Death of a drongo

Steve Irwin was the finest kind of drongo – a genuine ocker mug lair, with a tremendous enthusiasm and generosity. I’d only just started to admire Steve Irwin (after finding his ockerism embarrassing) recently since I learned how much of his TV wealth he has plowed back into conservation and animal welfare projects generally.

I’m appalled at his suddent death while wondering whether this time he took just a few too many risks for the cameras with an animal that normally wouldn’t attack unless stirred up too hard. Still, the man never deliberately hurt an animal in his life, and didn’t deserve to die for startling a few every now and then.
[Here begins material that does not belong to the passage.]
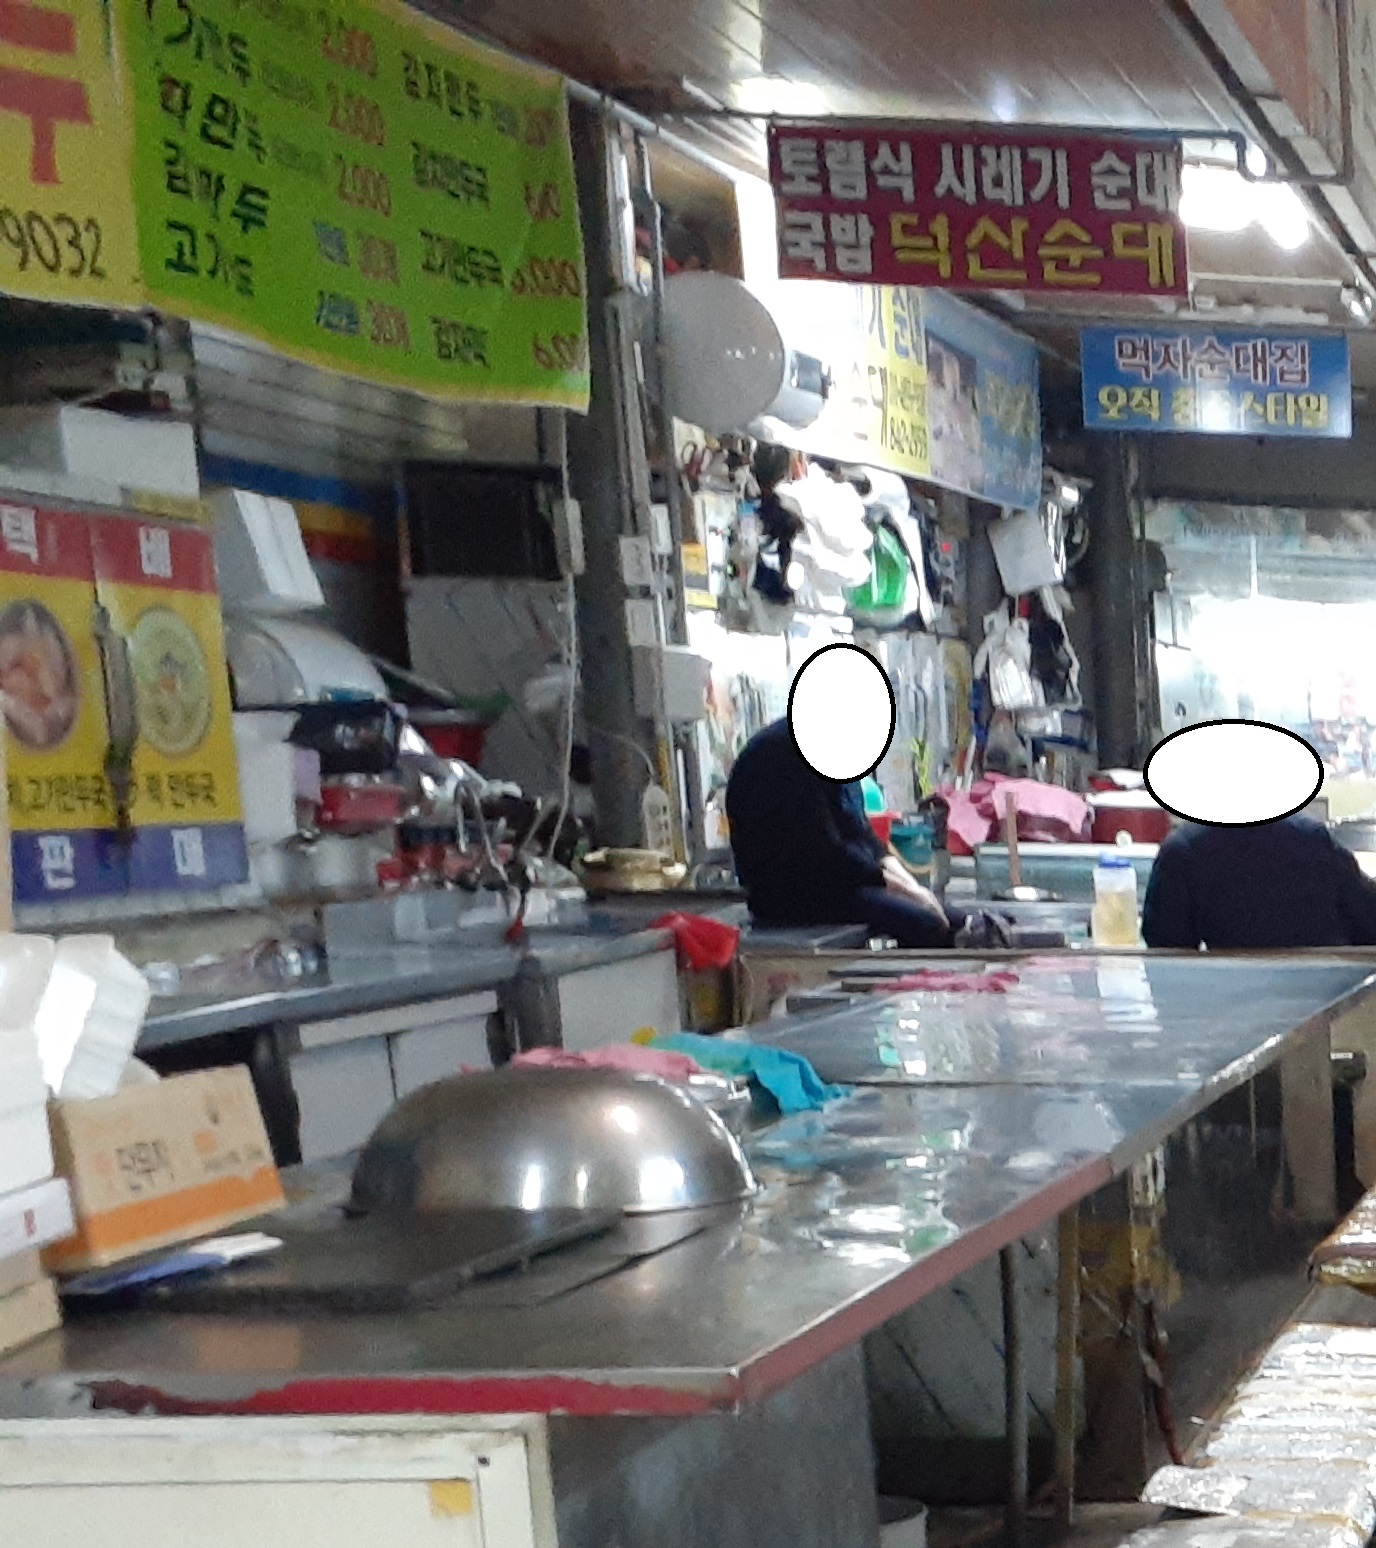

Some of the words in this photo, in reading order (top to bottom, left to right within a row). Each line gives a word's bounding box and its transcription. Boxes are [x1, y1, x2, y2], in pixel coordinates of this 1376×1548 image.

If he’d died this way in a few decades it would have been a somehow fitting end to his life, but he went too soon. I feel sorry for his wife and kids that they won’t have that hearty joyful man around anymore.

UPDATE: Weez has an excellent picture tribute [link]



Categories: Life

5 replies

  1. According to one site I read, stingrays will do that to people if they swim closely overhead and their shadow falls on the ray. It sounds like a freak accident that could happen to anybody.
    Unless of course he was sticking his finger up the ray’s asshole.

  2. […] drongo – a genuine ocker mug lair
    OK, I need a Babelfish.
    Sounds like Nadsat.

  3. Oh, and I meant also to say that I agree with you about his family’s loss. He was a very alive guy.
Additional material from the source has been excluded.